There was a similar question a few days ago which had the relevant reference:
- Belloni, A., Chernozhukov, V., and Hansen, C. (2014) "Inference on Treatment Effects after Selection among High-Dimensional Controls", Review of Economic Studies, 81(2), pp. 608-50 (link)
At least for me the paper is a pretty tough read because the proofs behind this relatively simple are fairly elaborate. When you are interested in estimating a model like
$$y_i = \alpha T_i + X_i'\beta + \epsilon_i$$
where $y_i$ is your outcome, $T_i$ is some treatment effect of interest, and $X_i$ is a vector of potential controls. The target parameter is $\alpha$. Assuming that most of the variation in your outcome is explained by the treatment and a sparse set of controls, Belloni et al. (2014) develop a double-robust selection method which provides correct point estimates and valid confidence intervals. This sparsity assumption is important though.

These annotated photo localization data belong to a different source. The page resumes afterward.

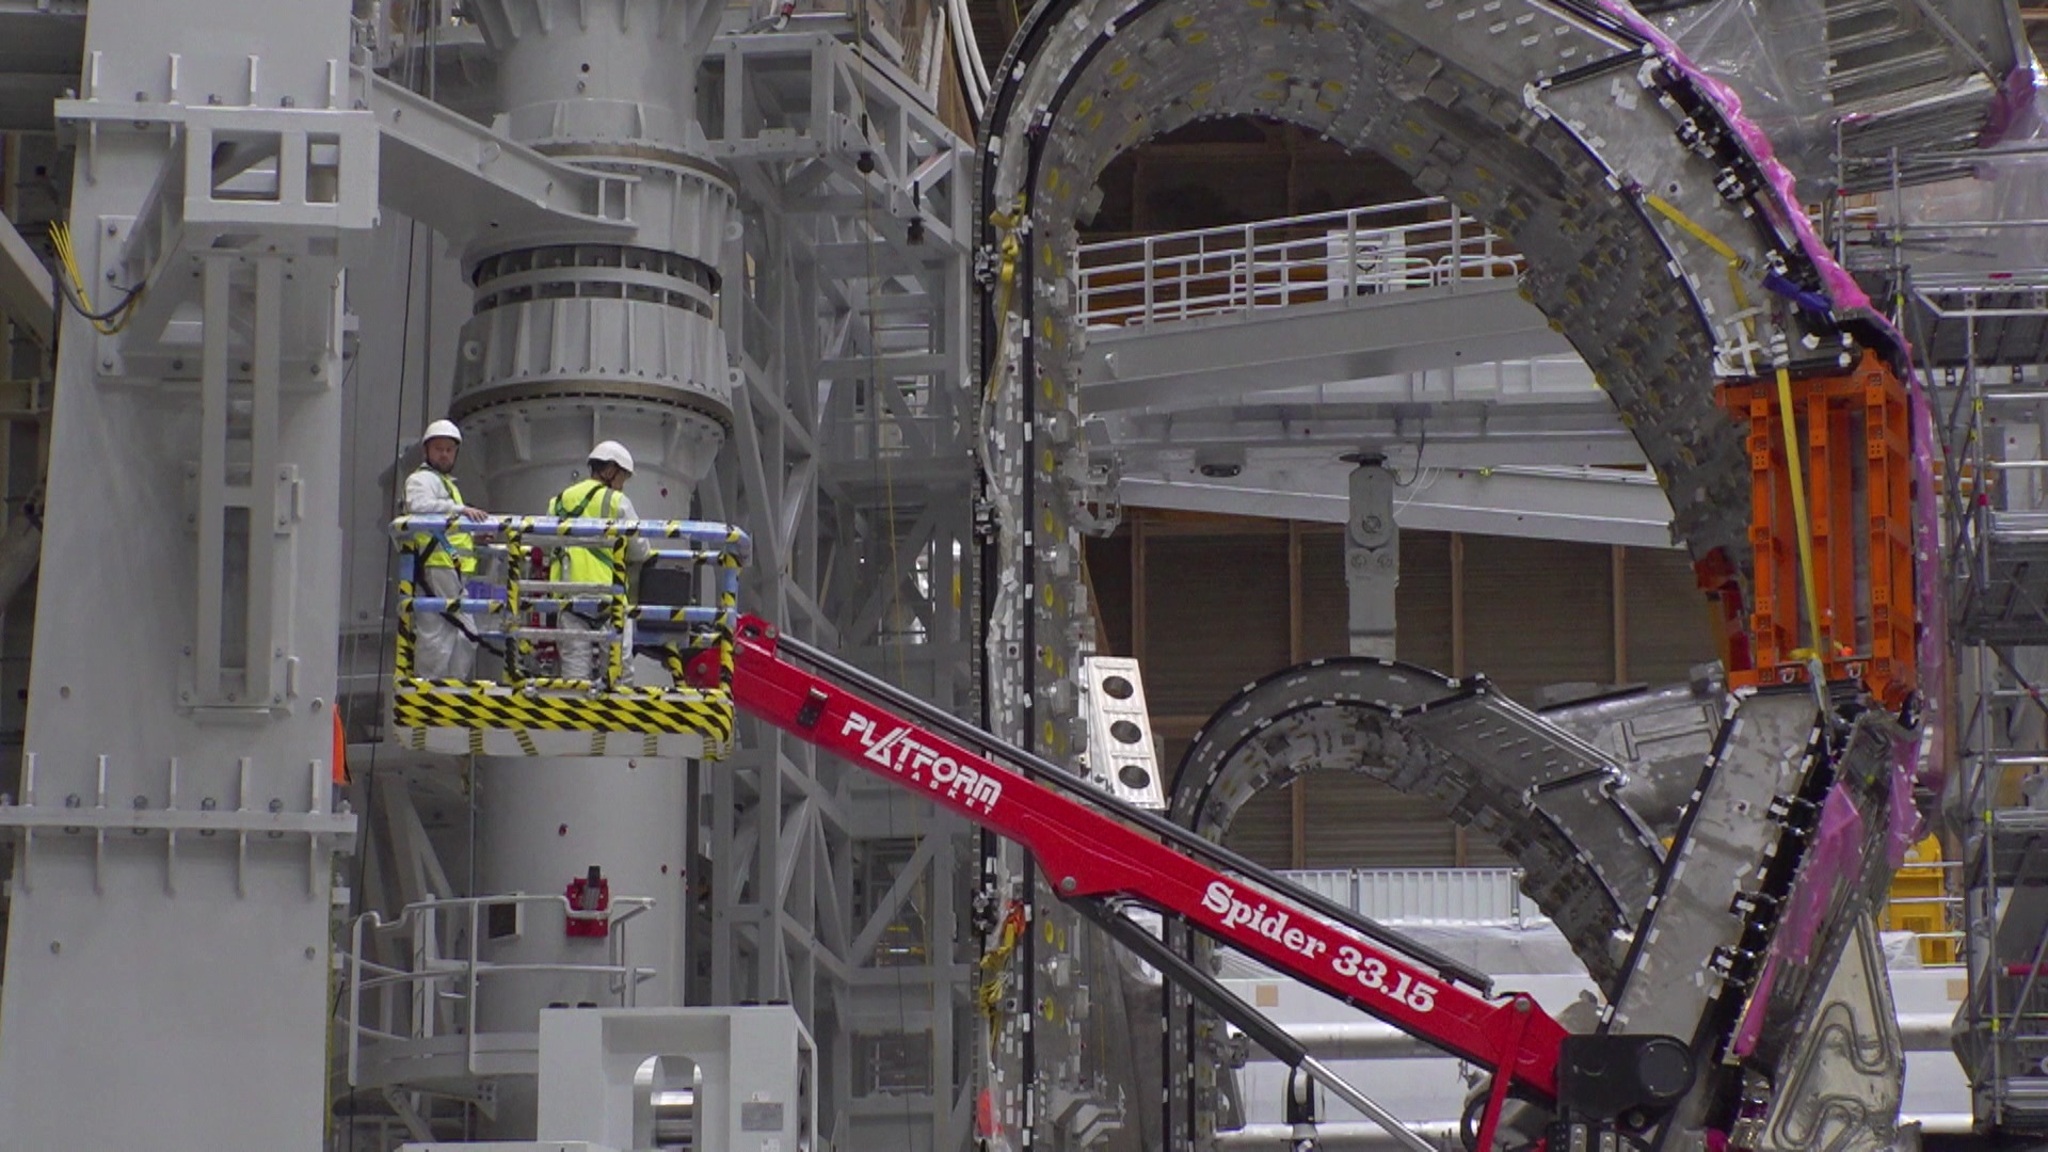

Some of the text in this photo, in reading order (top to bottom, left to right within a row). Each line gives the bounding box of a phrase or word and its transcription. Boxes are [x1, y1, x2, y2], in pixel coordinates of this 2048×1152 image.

[841, 711, 1003, 808] PLATFORM
[1201, 880, 1438, 1012] Spider 33.15
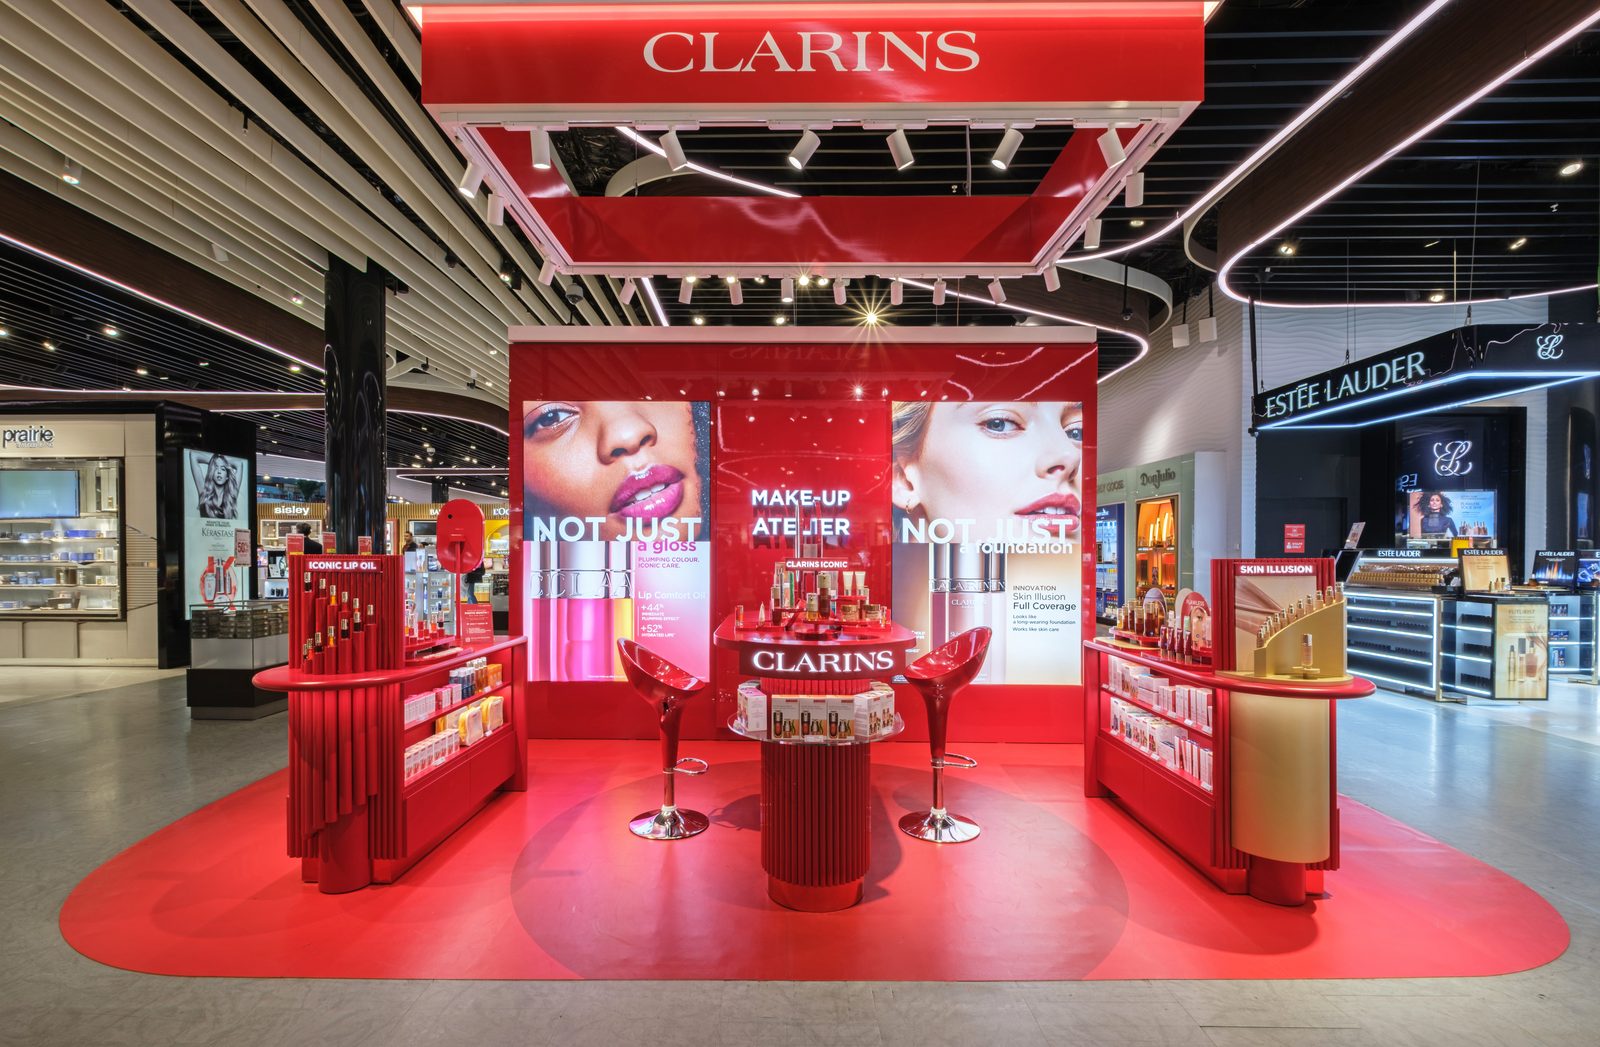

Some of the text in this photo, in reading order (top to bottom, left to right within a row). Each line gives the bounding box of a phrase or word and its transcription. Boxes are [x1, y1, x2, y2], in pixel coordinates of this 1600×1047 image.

[643, 30, 980, 73] CLARINS
[1266, 351, 1426, 418] ESTÉE LAUDER
[3, 425, 54, 449] prairie
[751, 489, 851, 506] MAKE-UP
[274, 505, 310, 516] sisley
[533, 516, 702, 542] NOT JUST
[902, 518, 1073, 544] NOT JUST
[638, 538, 697, 553] a gloss
[960, 539, 1073, 554] a foundation
[309, 561, 377, 570] ICONIC LIP OIL
[1240, 565, 1313, 574] SKIN ILLUSION
[638, 591, 652, 600] Lip
[654, 591, 690, 599] Comfort
[1013, 592, 1066, 601] Skin Illusion
[1013, 602, 1077, 612] Full Coverage
[753, 650, 894, 673] CLARINS
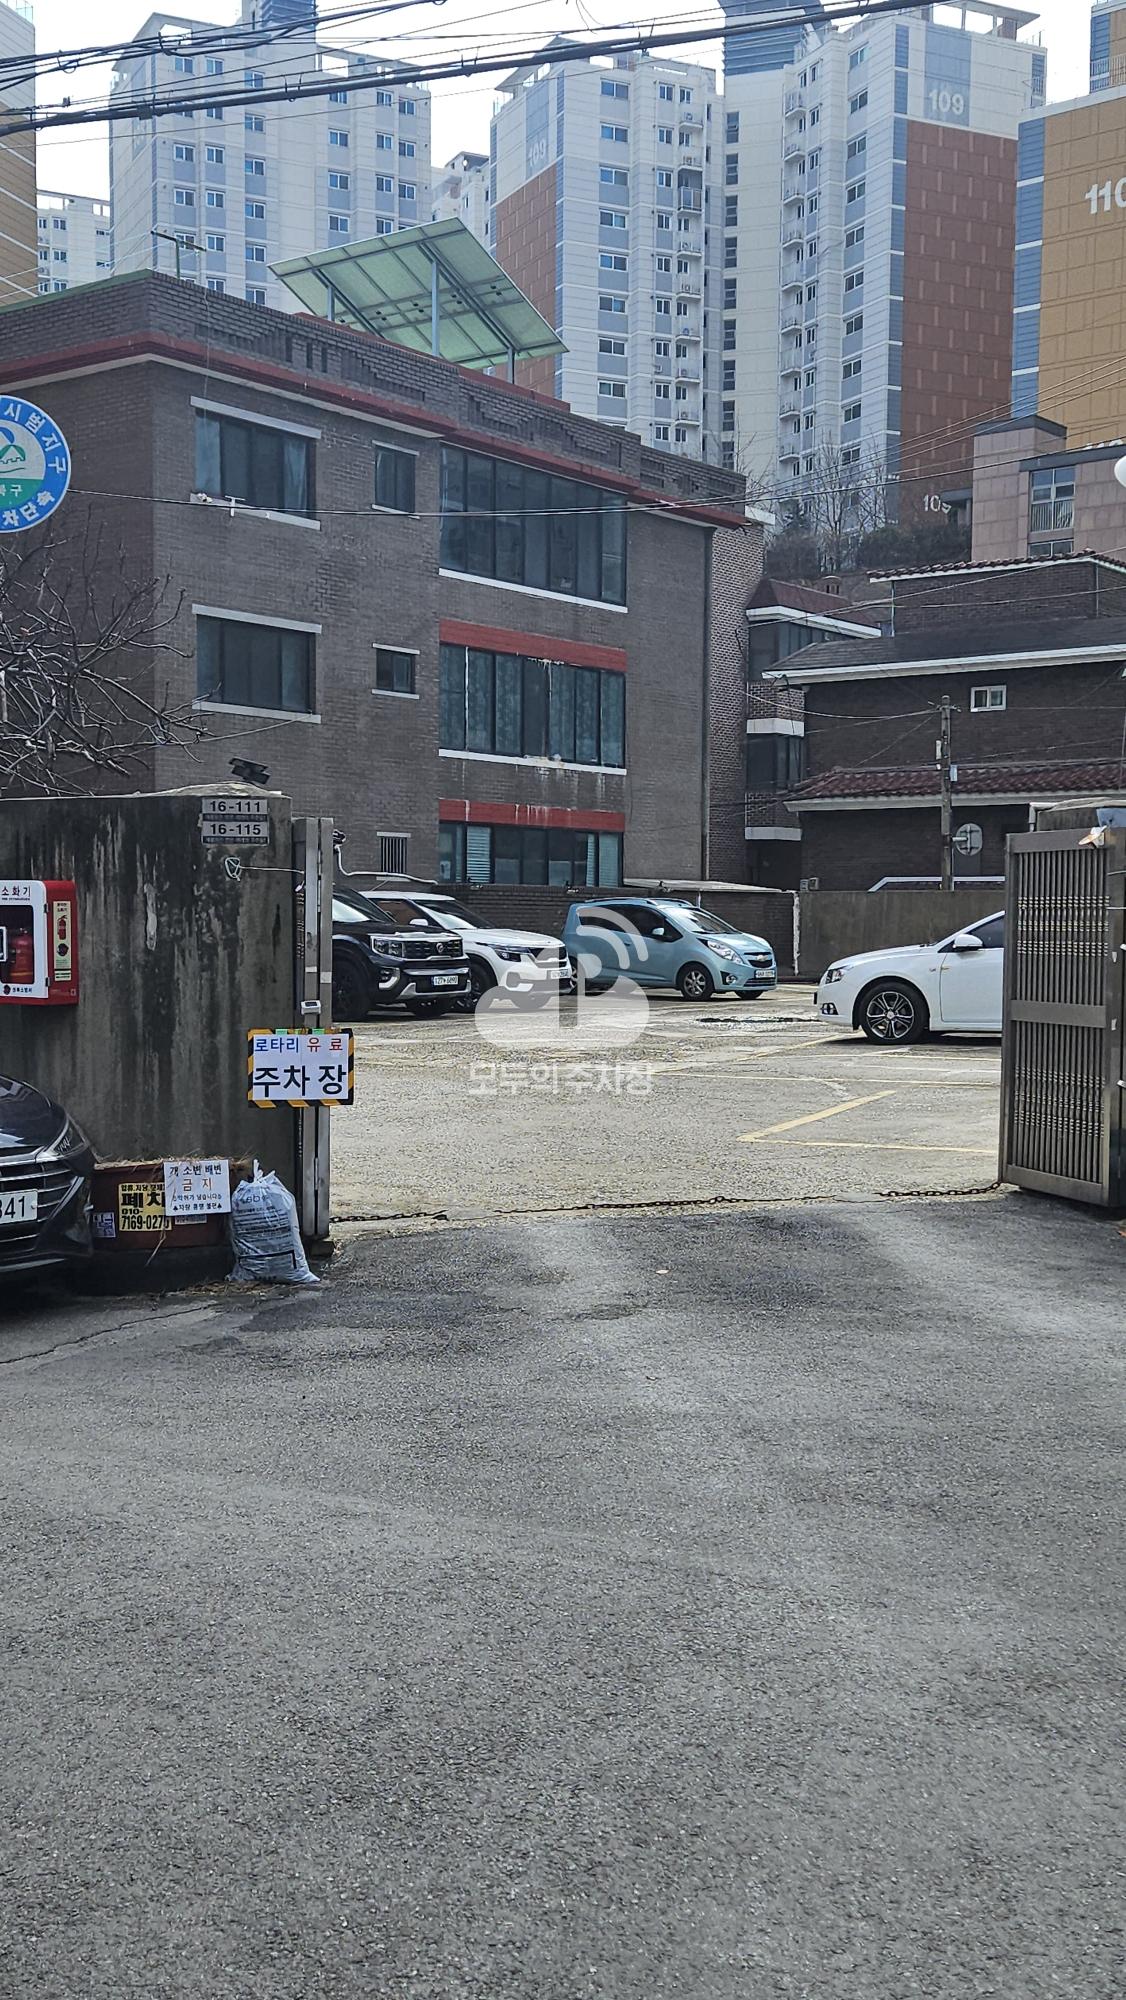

If $X_i$ includes a few important predictors of $y_i$ but you don't know which they are (either single variables, their higher order polynomials, or interactions with other variables), you can perform a three step selection procedure:
- regress $y_i$ on $X_i$, their squares, and interactions, and select important predictors using LASSO
- regress $T_i$ on $X_i$, their squares, and interactions, and select important predictors using LASSO
- regress $y_i$ on $T_i$ and all the variables which were selected in either of the first two steps
They provide proofs as for why this works and why you get the correct confidence intervals etc out of this method. They also show that if you only perform a LASSO selection on the above regression and then regress the outcome on the treatment and the selected variables you get wrong point estimates and false confidence intervals, like Björn already said.
The purpose for doing this is twofold: comparing your initial model, where variable selection was guided by intuition or theory, to the double-robust selection model gives you an idea as to how good your first model was. Perhaps your first model forgot some important squared or interaction terms and thus suffers from misspecified functional form or omitted variables. Secondly, the Belloni et al. (2014) method can improve inference on your target parameter because redundant regressors were penalized away in their procedure.